▸ YOUR OBJECTIVE: A verbatim printing of the entries that follow is needed; pictures must not appear in it.

Stored data entries
..............................
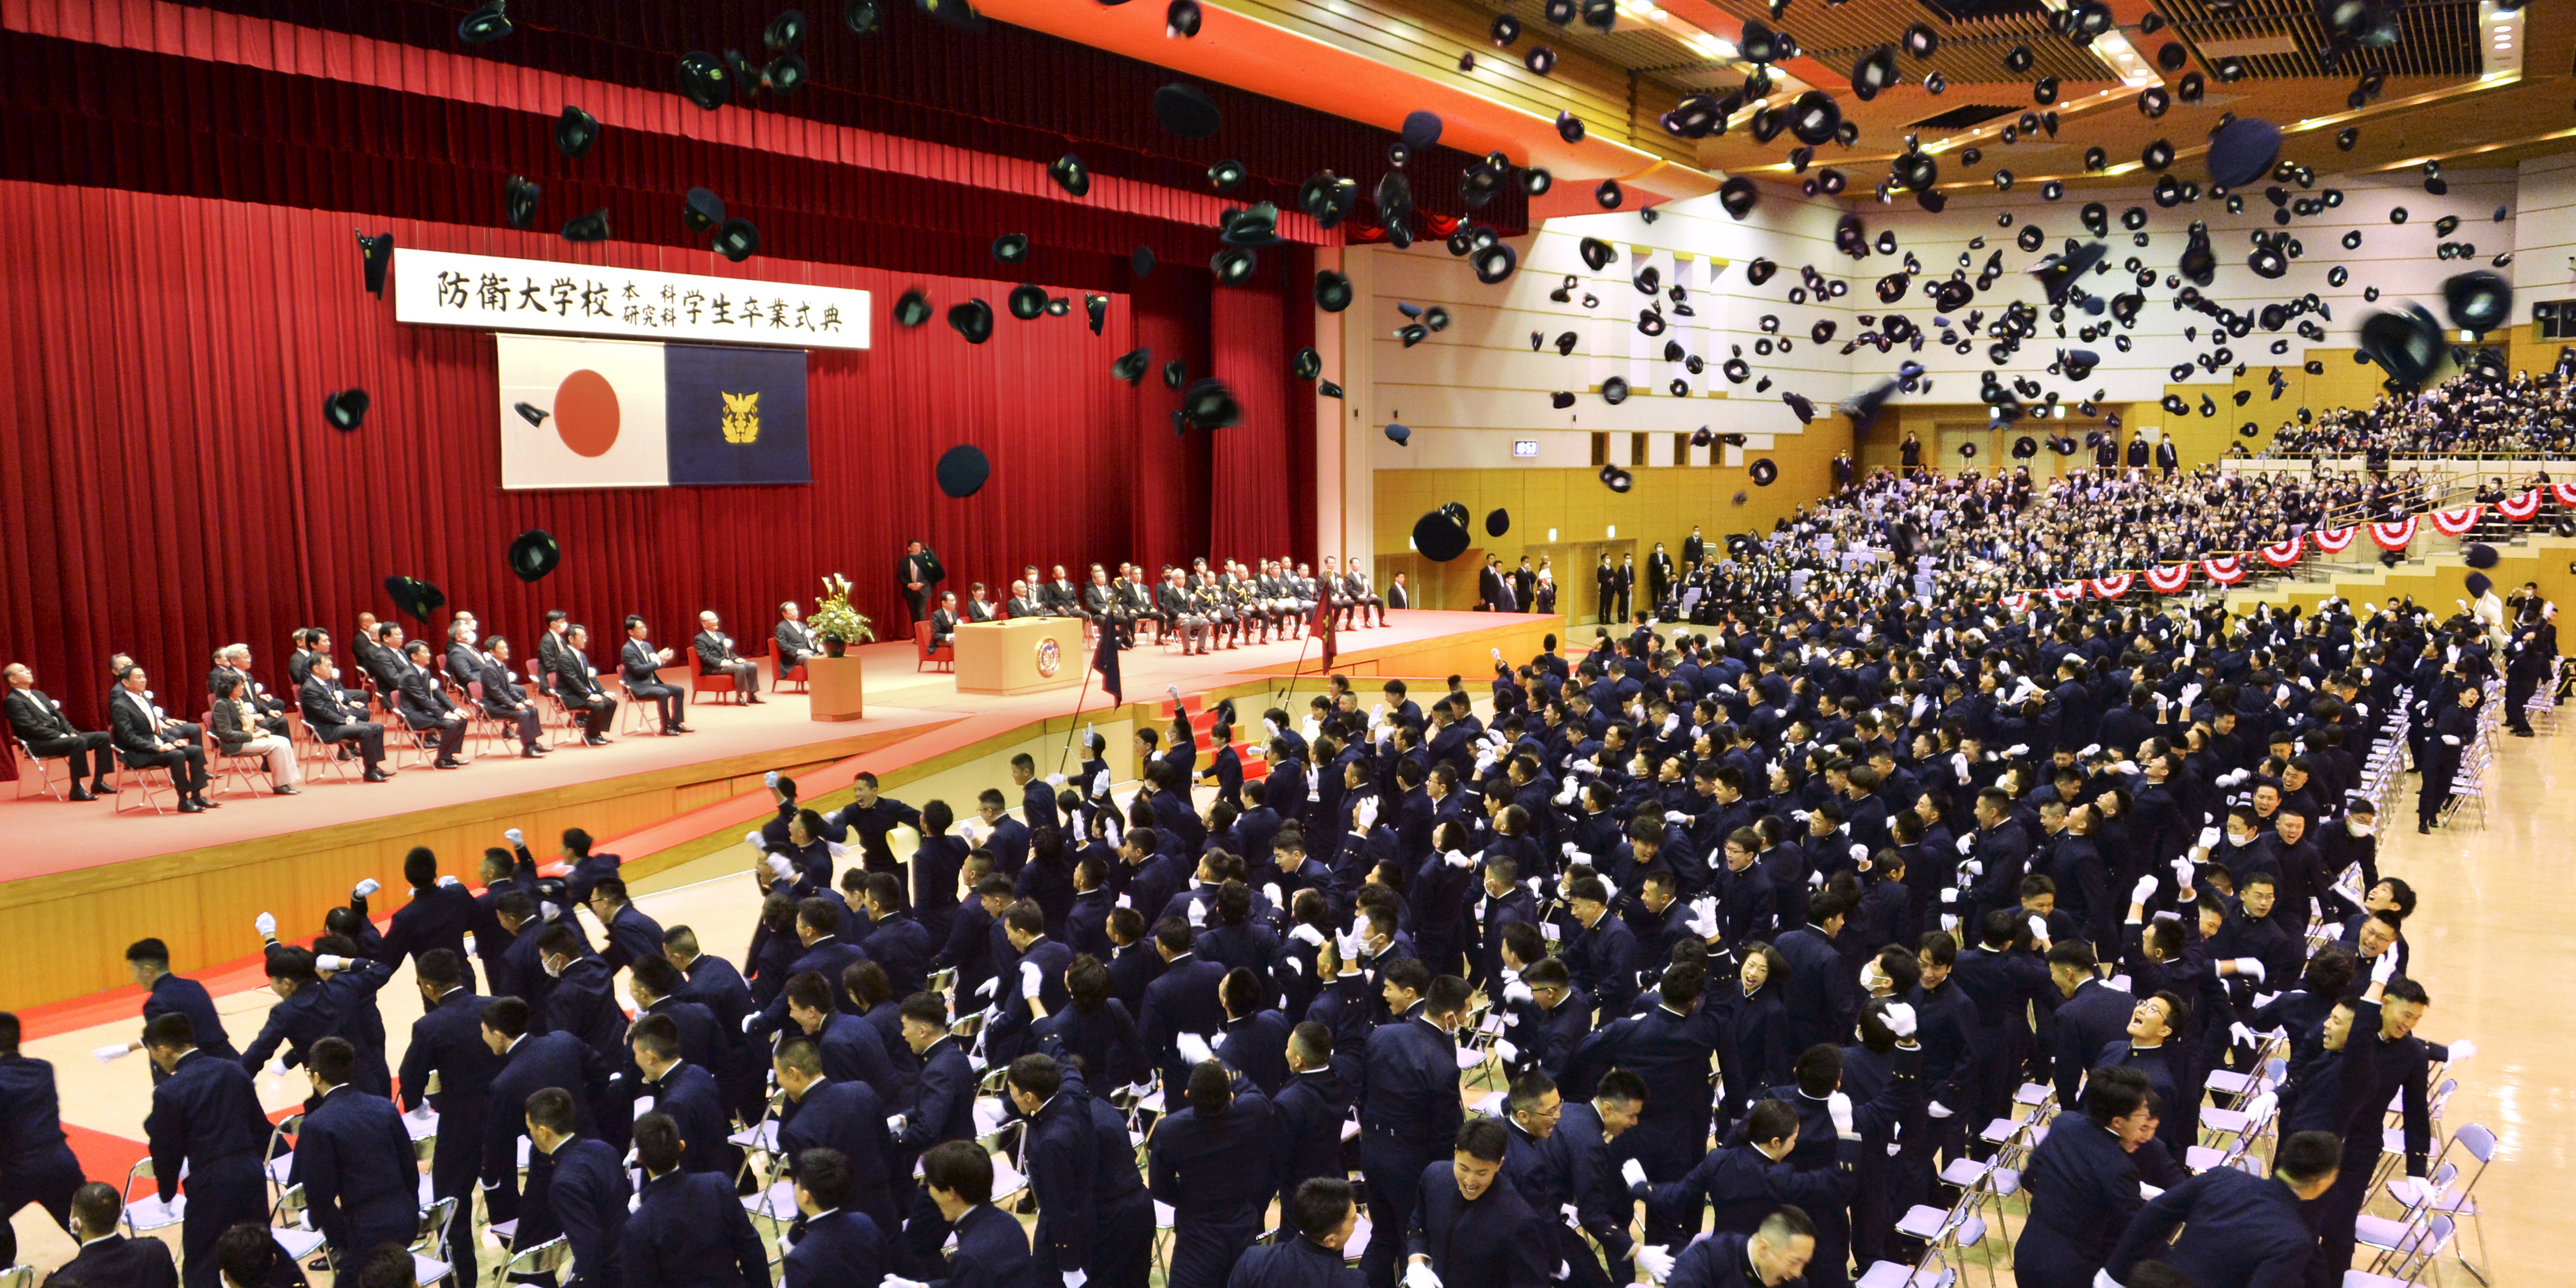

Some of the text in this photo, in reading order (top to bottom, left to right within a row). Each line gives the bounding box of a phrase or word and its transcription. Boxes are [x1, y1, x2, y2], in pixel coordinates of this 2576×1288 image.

[438, 271, 613, 317] 防衛大学校
[683, 289, 842, 332] 学生卒業式典
[622, 304, 676, 328] 研究科
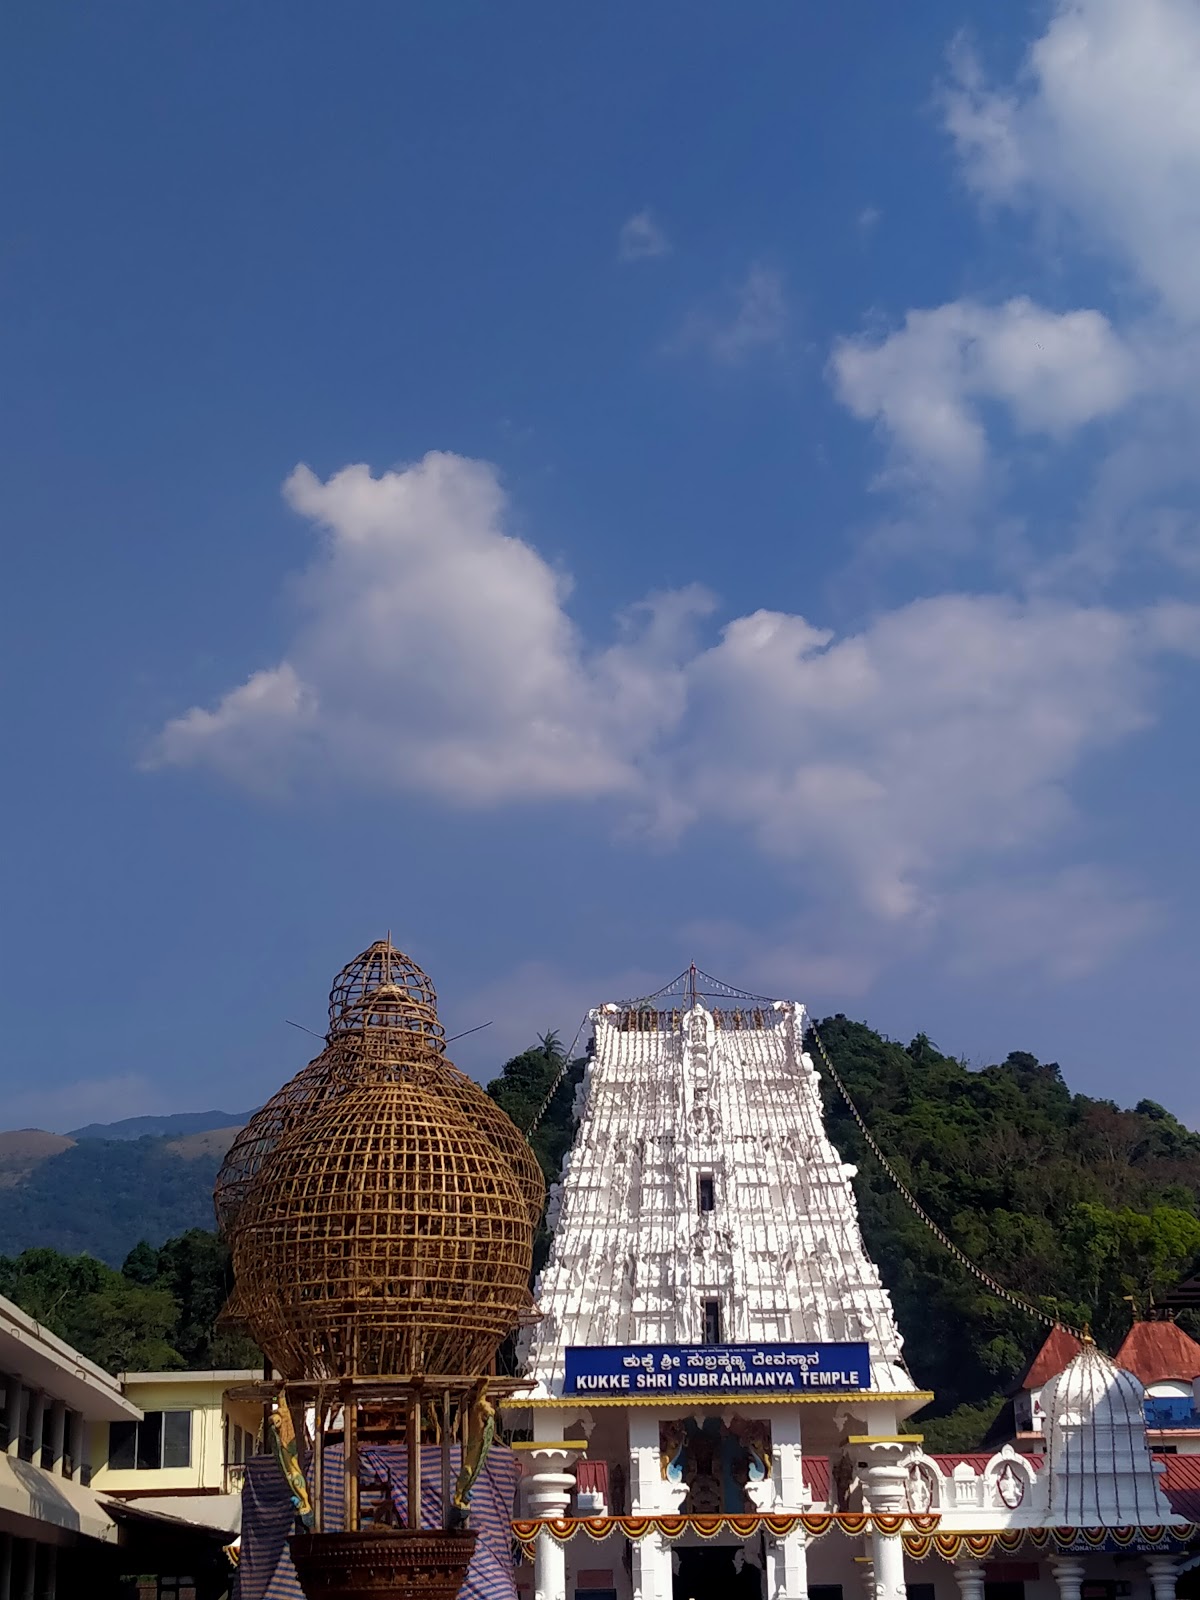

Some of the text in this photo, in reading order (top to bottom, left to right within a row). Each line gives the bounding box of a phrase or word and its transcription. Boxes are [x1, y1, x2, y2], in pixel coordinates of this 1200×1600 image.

[622, 1351, 820, 1373] ಕುಕ್ಕೆ ಶ್ರೀ ಸುಬ್ರಹ್ಮಣ್ಯ ದೇವಸ್ಥಾನ
[576, 1371, 860, 1389] KUKKE SHRI SUBRAHMANYA TEMPLE
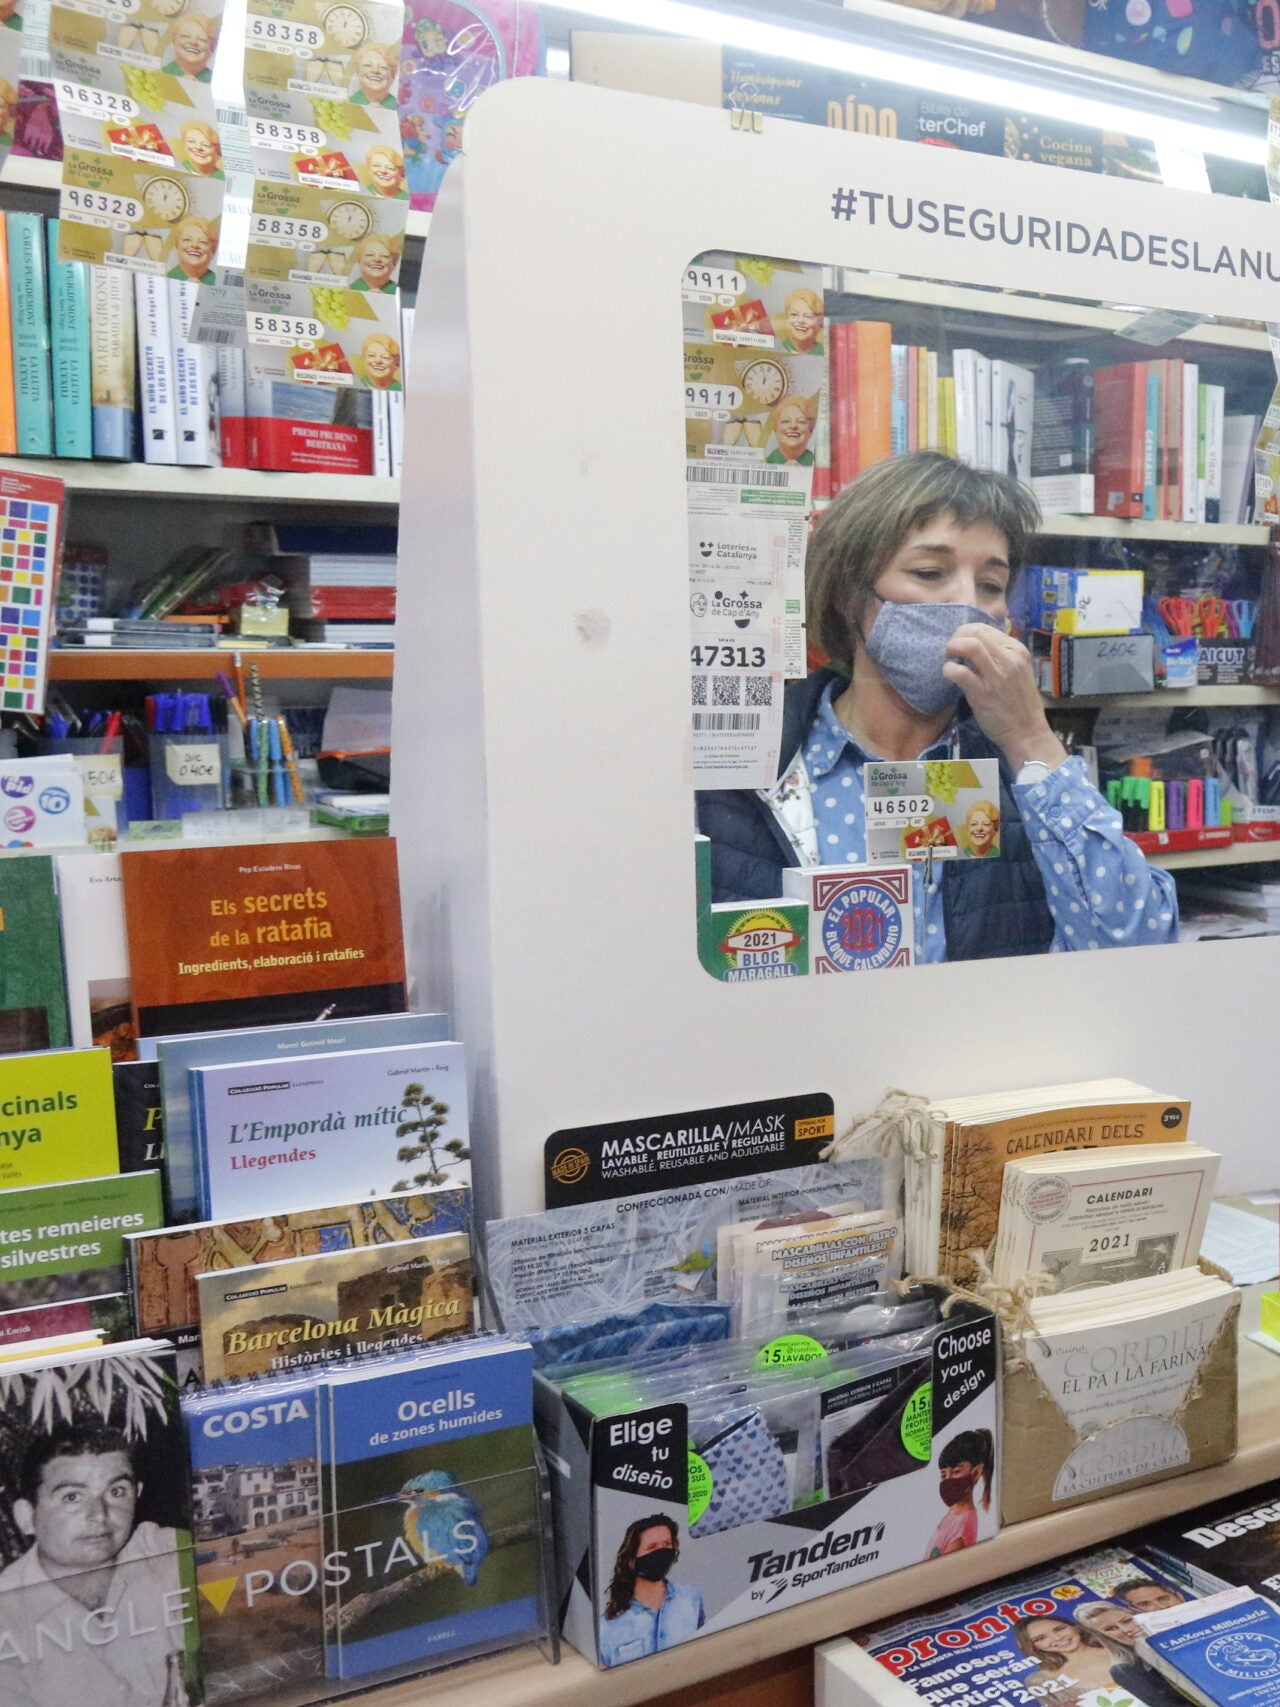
..............................
▸ SOLUTION FOR THIS TASK:
Some of the text in this photo, in reading order (top to bottom, left to right within a row). Each line gives the bounding box of a phrase or word and its transcription. Boxes are [x1, y1, x2, y2], in pixel coordinates of this 2576×1288 image.

[438, 271, 613, 317] 防衛大学校
[683, 289, 842, 332] 学生卒業式典
[622, 304, 676, 328] 研究科

Some of the text in this photo, in reading order (top to bottom, left to right within a row). Each line gives the bounding box of a phrase or word and its transcription. Boxes are [x1, y1, x2, y2], in pixel coordinates of this 1200×1600 image.

[622, 1351, 820, 1373] ಕುಕ್ಕೆ ಶ್ರೀ ಸುಬ್ರಹ್ಮಣ್ಯ ದೇವಸ್ಥಾನ
[576, 1371, 860, 1389] KUKKE SHRI SUBRAHMANYA TEMPLE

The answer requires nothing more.